The earth is such a large and variable system that over the long term, humans can't significantly permantly change something like weight distribution.

3 comments

Thank goodness the microbes will probably survive and maybe be able to try again in a few thousand to million years!
In about 600 million years it is estimated that we would in fact lose too much carbon dioxide for one of the main forms of photosynthesis used by plants...
I don't understand the point of comments like yours.
(not grandparent) well one way to learn of that news is like in typical armageddon movies "humans destroyed earth and now we will all die" ; to which grandparent answers "no we didn't destroy earth (but yes we will all die)"
It gives them a reason to continue being a parasite on this planet rather than attempt to gather a collective and formulate plans to protect future generations on this planet.
“It is difficult to get a man to understand [climate change], when his salary [as a truck driver] depends on his not understanding it.” ― Upton Sinclair
Well yeah, it's never really about "save the earth", it's more precisely about "save ourselves by saving an earth that is habitable by humans".
Humans are literally one of the most adaptive creatures on this planet though
By what metric?

Humans have been around for what, 600k years? That’s genetically. Behaviorally (abstract reasoning, complex language) is only believed to be about 100k years old. Primates as a branch are only about 65m yold.

Crocodiles are 200m yold (mostly unchanging) while birds are 150m (wild diversity).

By whatever metric, humanity has no claim to adaptability as a species because we’re really quite too new on the scene. At best we’re more a virus - came on quick but spread at unprecedented rates all across the world bringing ecological destruction with us.
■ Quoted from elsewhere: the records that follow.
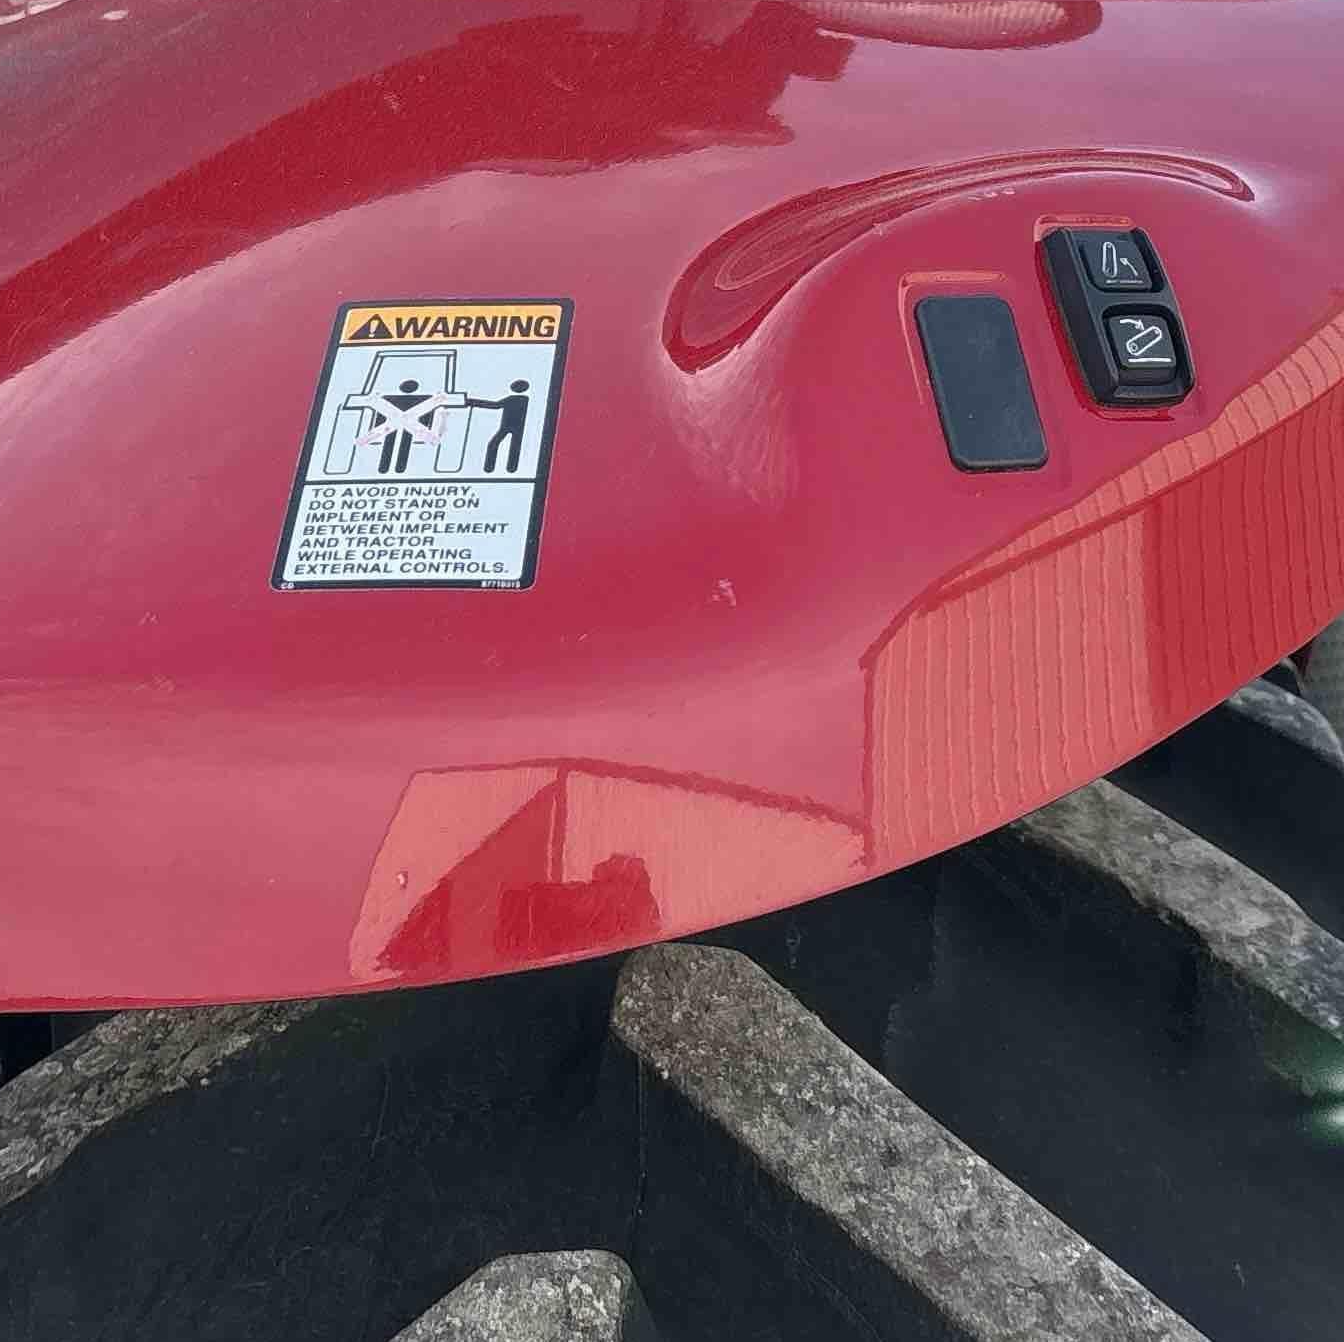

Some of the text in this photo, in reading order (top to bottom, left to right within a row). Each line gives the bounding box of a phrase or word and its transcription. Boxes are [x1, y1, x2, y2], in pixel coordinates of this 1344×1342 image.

[396, 315, 556, 339] WARNING
[312, 486, 476, 498] TO AVOID INJURY,
[309, 498, 480, 510] DO NOT STAND ON
[305, 511, 446, 523] IMPLEMENT OR
[303, 522, 510, 535] BETWEEN IMPLEMENT
[299, 536, 435, 548] AND TRACTOR
[298, 548, 473, 561] WHILE OPERATING
[294, 561, 510, 575] EXTERNAL CONTROLS.
We have yet to see if we can survive the Earth’s immune response.

> By what metric?

For example, humans are able to live in most climate zones of this planet, more than any other creatures (though, on land, not under water).

Another metric: by total biomass, humans far exceed any other animals their size (a huge outlier), with the exception of livestock (which is specifically grown by humans for own consumption).
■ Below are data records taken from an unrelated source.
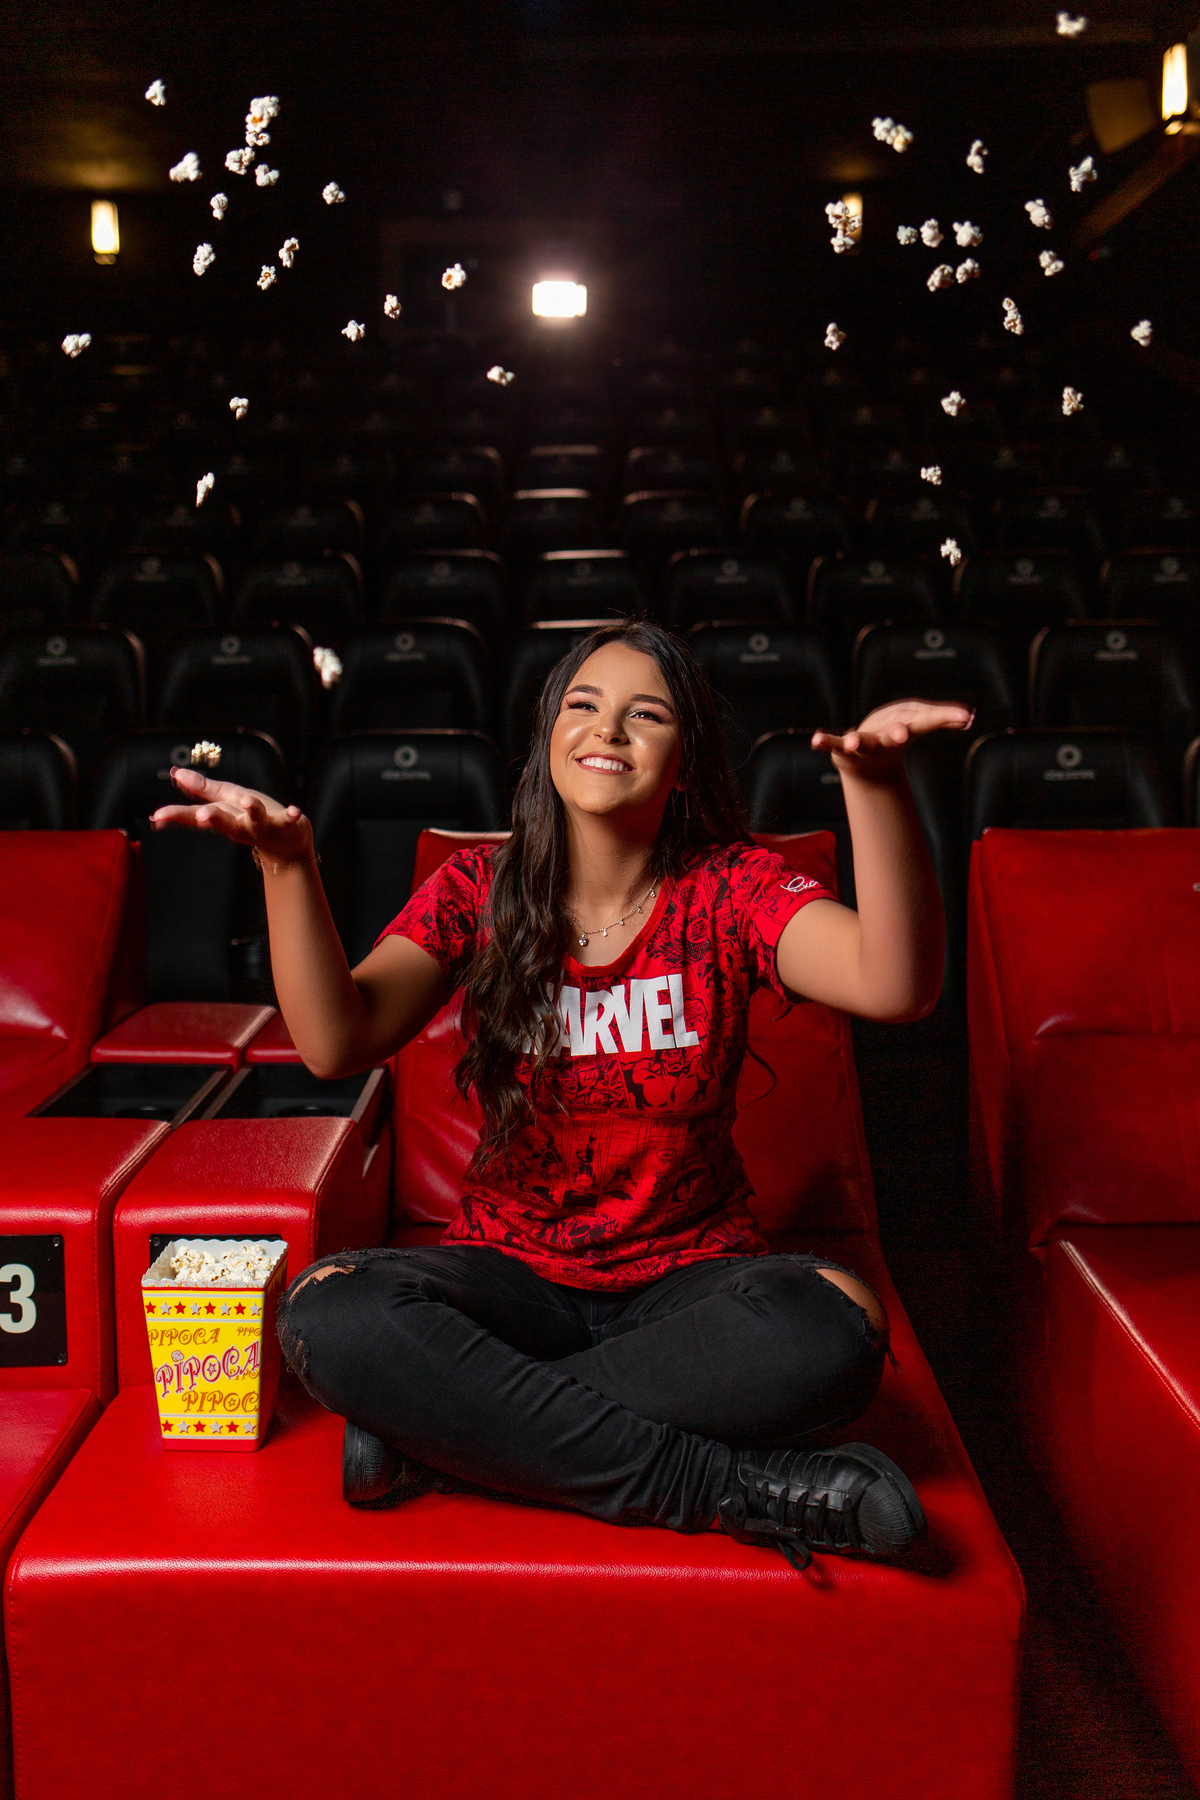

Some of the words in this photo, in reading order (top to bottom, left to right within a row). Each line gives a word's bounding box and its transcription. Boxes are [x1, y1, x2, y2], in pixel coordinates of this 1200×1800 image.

[521, 973, 700, 1057] ARVEL
[0, 1262, 38, 1334] 3
[147, 1327, 222, 1347] PIPOCA
[155, 1340, 262, 1399] PIPOCA
[181, 1389, 260, 1414] PIPOC
Yes, humans have demonstrated quite the dominance for the world as it exists today. You’d agree that the ability to survive millions of years of changes to the worldwide ecosystem is quite different, no? For example, the world is experiencing quite a substantial desertification. Will humanity maintain its ability to build and survive at the current levels of consumption when food becomes significantly less available?
My opinion is that no change of climate (beyond external impact) would be able to wipe humanity from the face of Earth. Even world-wide nuclear war would merely dent the total human population numbers for a few decades at most.

Food production and logistics are getting more effective and more efficient over time, any hunger that has happened in the past century and will ever happen — was and will be entirely social/political in nature. We’re in no danger of food randomly disappearing naturally, as far as I understand.
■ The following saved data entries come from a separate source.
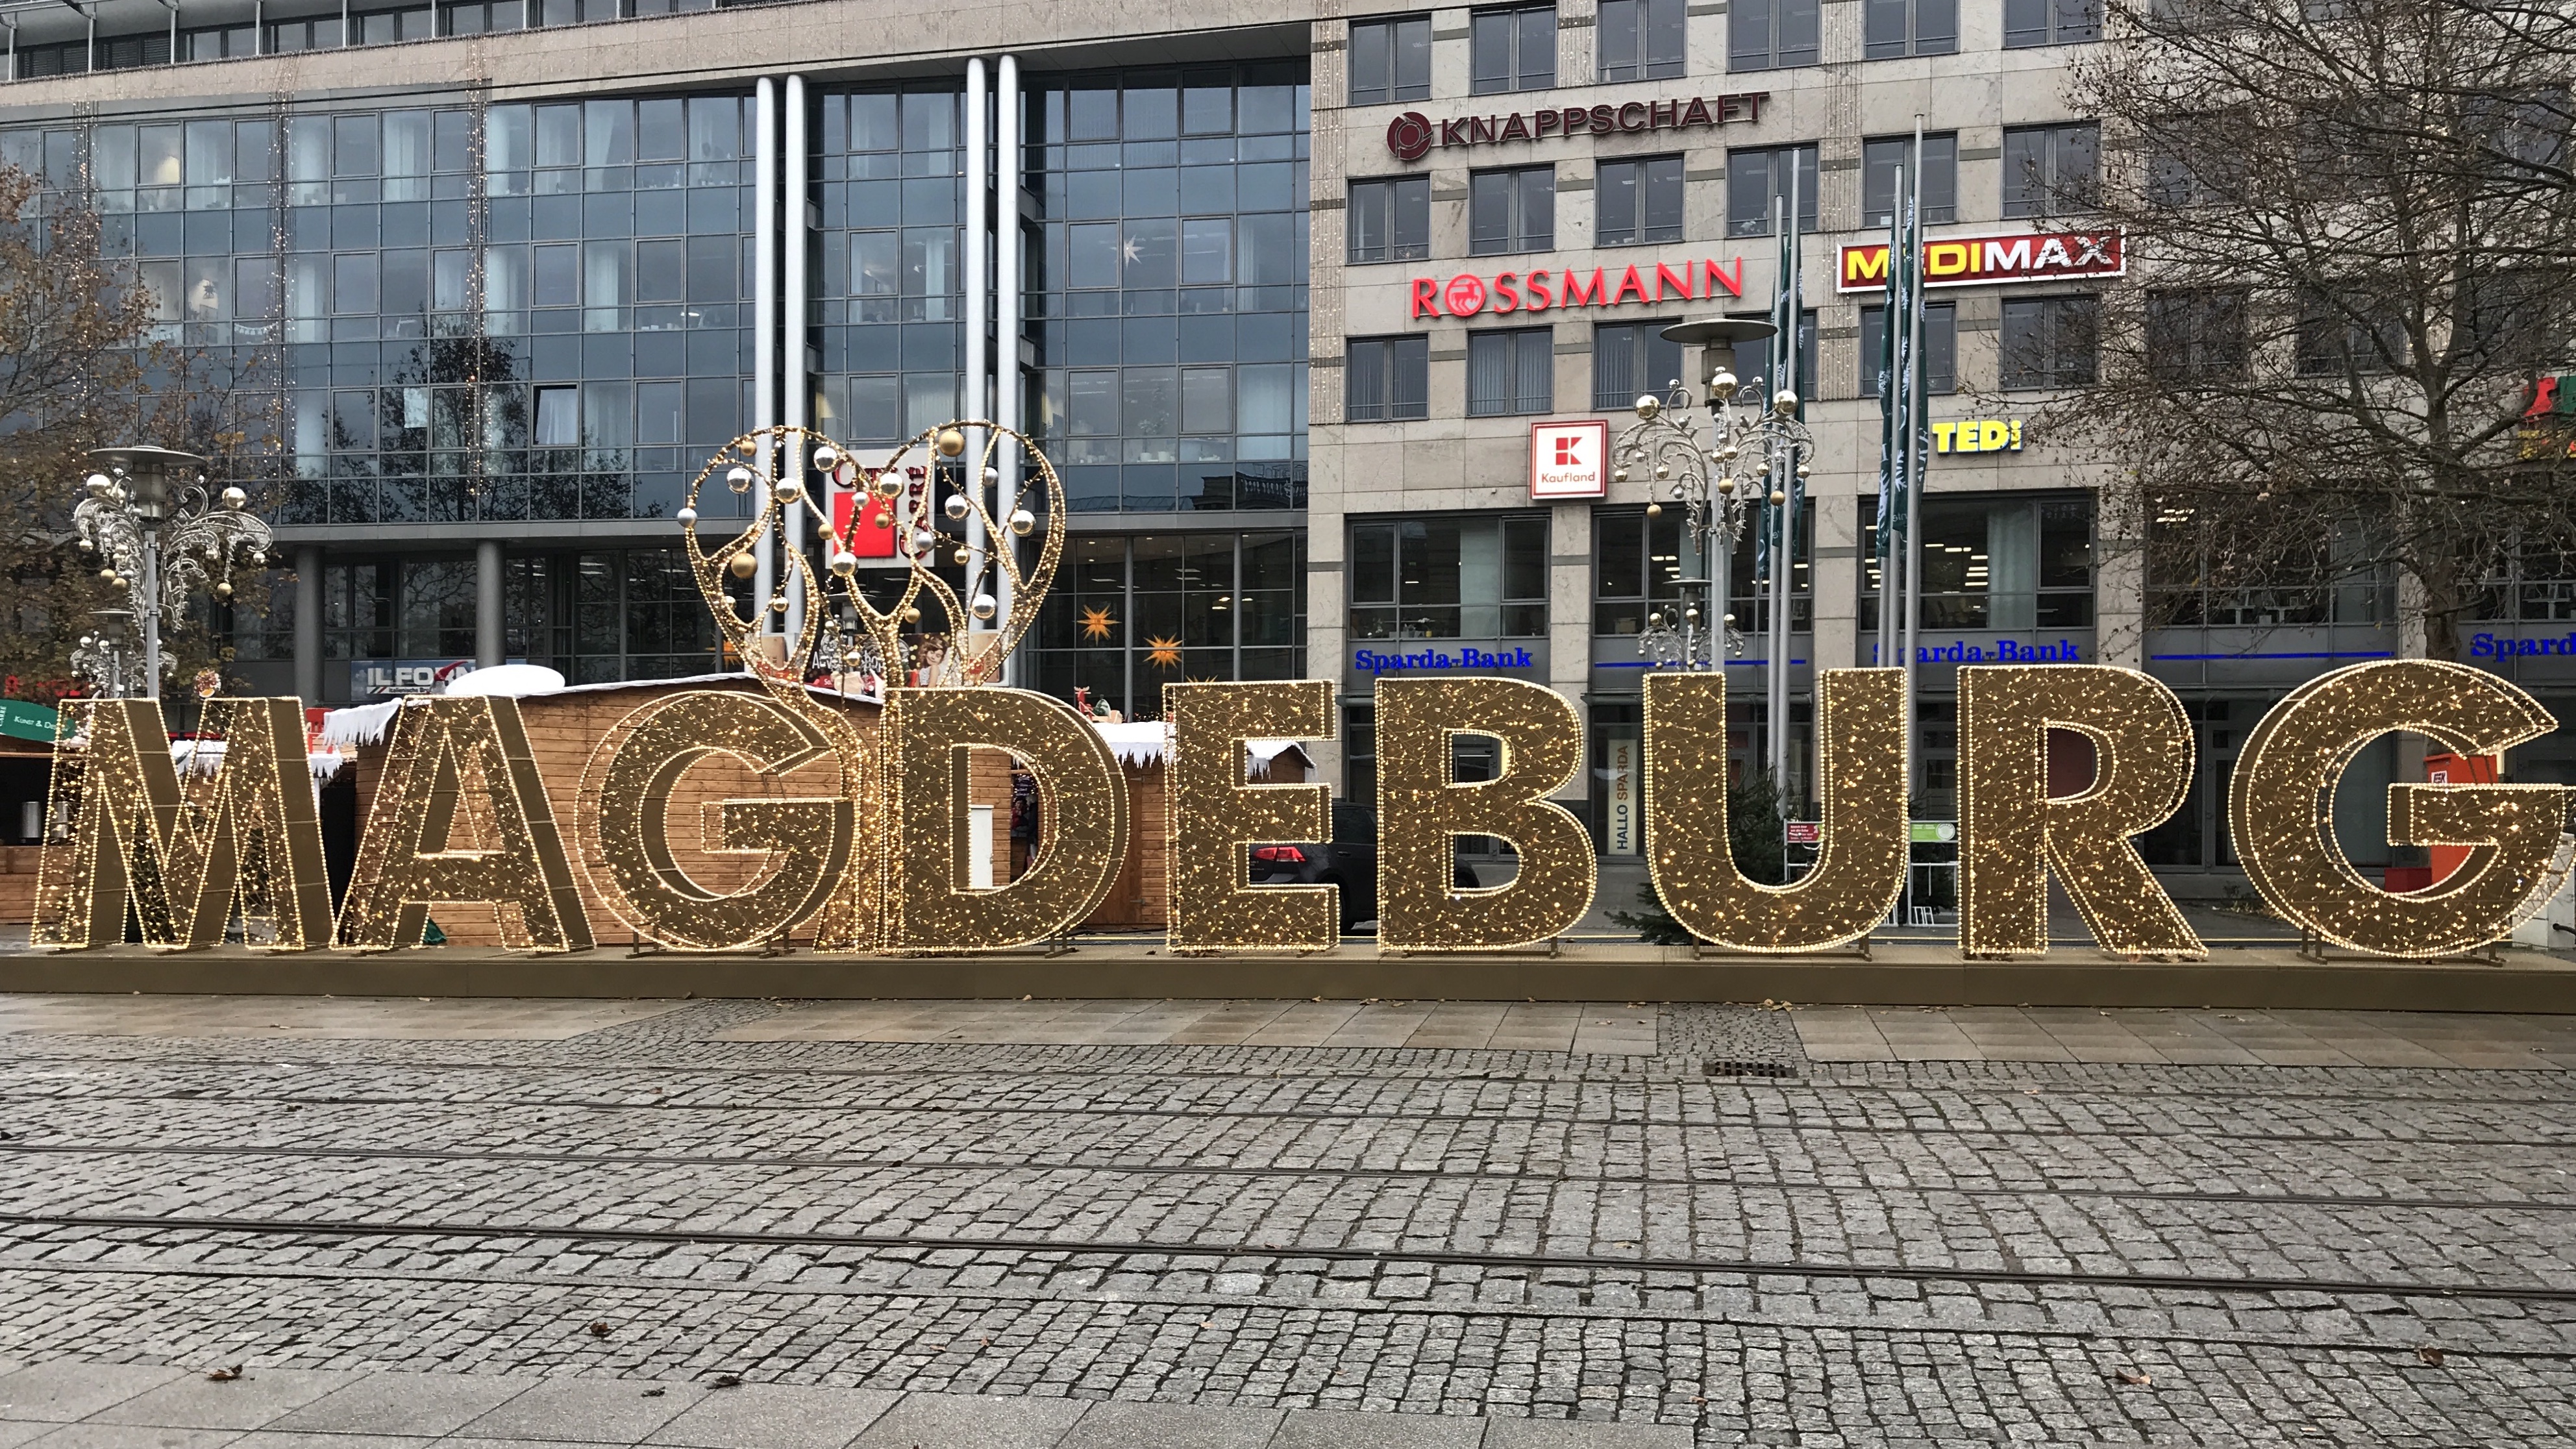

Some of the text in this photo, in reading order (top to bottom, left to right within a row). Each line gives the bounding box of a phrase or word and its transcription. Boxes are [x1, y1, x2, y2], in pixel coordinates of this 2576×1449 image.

[1441, 91, 1770, 147] KNAPPSCHAFT
[1846, 236, 2115, 281] MDIMAX
[1411, 256, 1743, 319] ROSSMANN
[1931, 419, 2024, 454] TEDi
[1541, 471, 1596, 484] Kaufland
[1355, 647, 1533, 675] Sparda-Bank
[29, 657, 2576, 960] MAGDEBURG
[1616, 745, 1629, 850] HALLO SPARDA
We are in danger of social changes though. Current civilizations might collapse, bringing hunger and death to hundreds of millions.

We cannot and shouldn't risk "adapting" or evolve to handle famines, hypercanes, or extreme desertification. Instead, we should fix what we broke by using the sky as a sewer for ~200 years from 425 ppm CO2 now back to ~300 ppm then.
Plants stop being able to do photosynthesis efficiently at lower CO2 ppm values (plants need CO2), which lead to massive deforestation. Thanks to current 400+ ppm values, in many places of the world the greenery returned in the past decades. Values in 600—800 ppm range would be optimal for keeping our planet green and ecology.
Don't even start with Cato Institute pseudoscience climate denialism talking points.
I don't know what Cato Institute is and what their talking points are, but you can look up photosynthesis details on Wikipedia or any other place you like.
And even the most adaptive creatures have limits.
Human intellectual/cognitive capabilities are unprecedented, though.

I'm not sure if we'll live to see it, but I'd be pretty surprised if some fine day humanity won't evolve enough to abandon the primate bodies and decouple humanity from its biology. That is, I believe we'll eventually give birth to thinking machines, and hopefully they'll keep the humanity going even if other branches would possibly fail to the environmental changes.

Unless, of course, we won't make ourselves extinct first.

While we may need to save some soil, we should think bigger by saving the proper noun planet we inhabit. ;)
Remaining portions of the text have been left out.